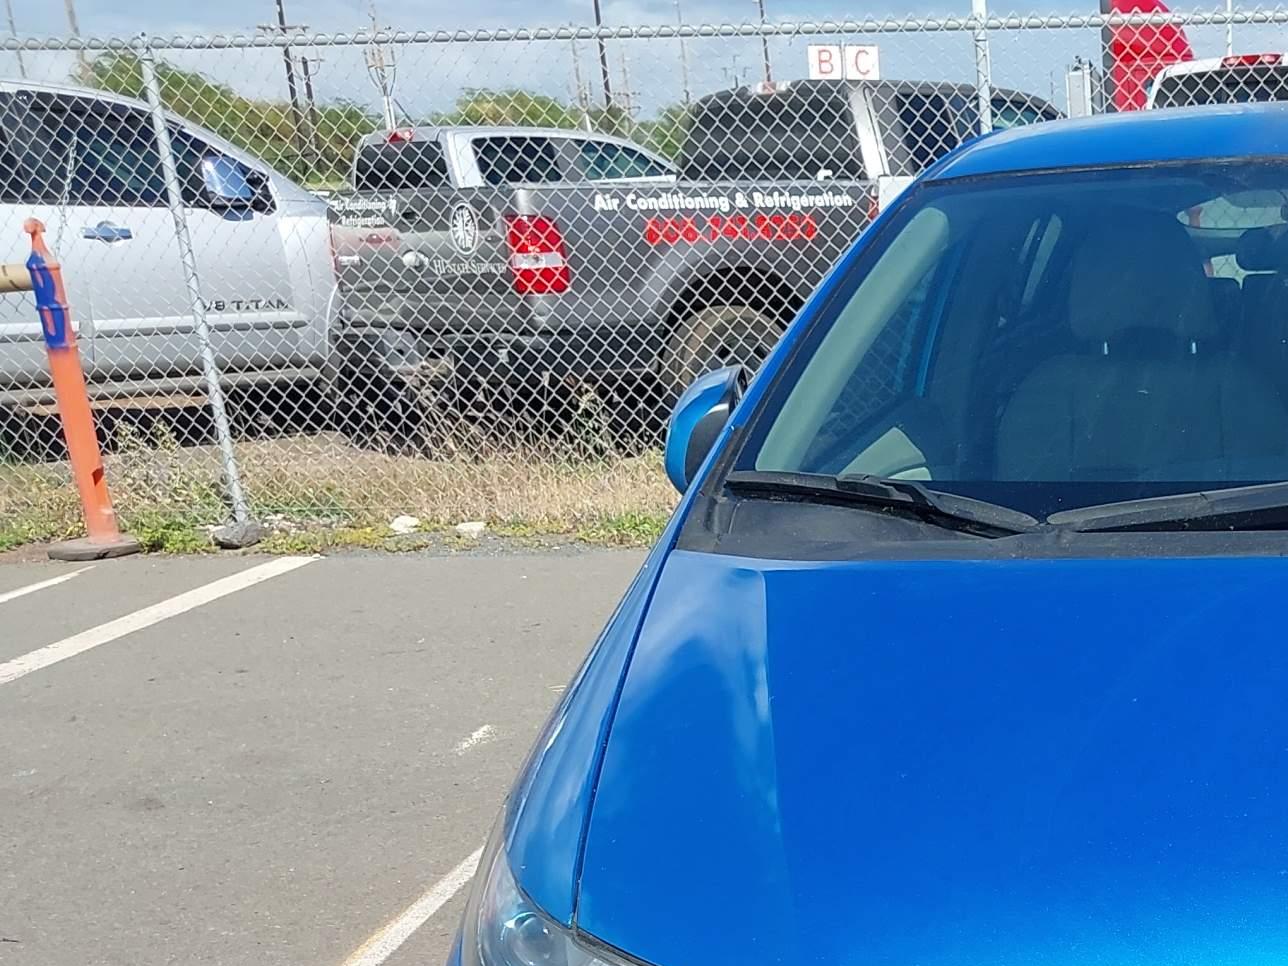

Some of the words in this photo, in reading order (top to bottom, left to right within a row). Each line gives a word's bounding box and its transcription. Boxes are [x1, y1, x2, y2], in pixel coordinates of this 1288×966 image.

[818, 49, 834, 74] B
[855, 49, 870, 75] C
[594, 193, 619, 210] Air
[626, 193, 730, 212] Conditioning
[735, 192, 748, 208] &
[753, 191, 853, 211] Refrigeration

--------------------

**PROBLEM:** Images in the records should not be copied. Repeat all the rest exactly.

**SOLUTION FOR THIS EXERCISE:**
Some of the words in this photo, in reading order (top to bottom, left to right within a row). Each line gives a word's bounding box and its transcription. Boxes are [x1, y1, x2, y2], in pixel coordinates of this 1288×966 image.

[818, 49, 834, 74] B
[855, 49, 870, 75] C
[594, 193, 619, 210] Air
[626, 193, 730, 212] Conditioning
[735, 192, 748, 208] &
[753, 191, 853, 211] Refrigeration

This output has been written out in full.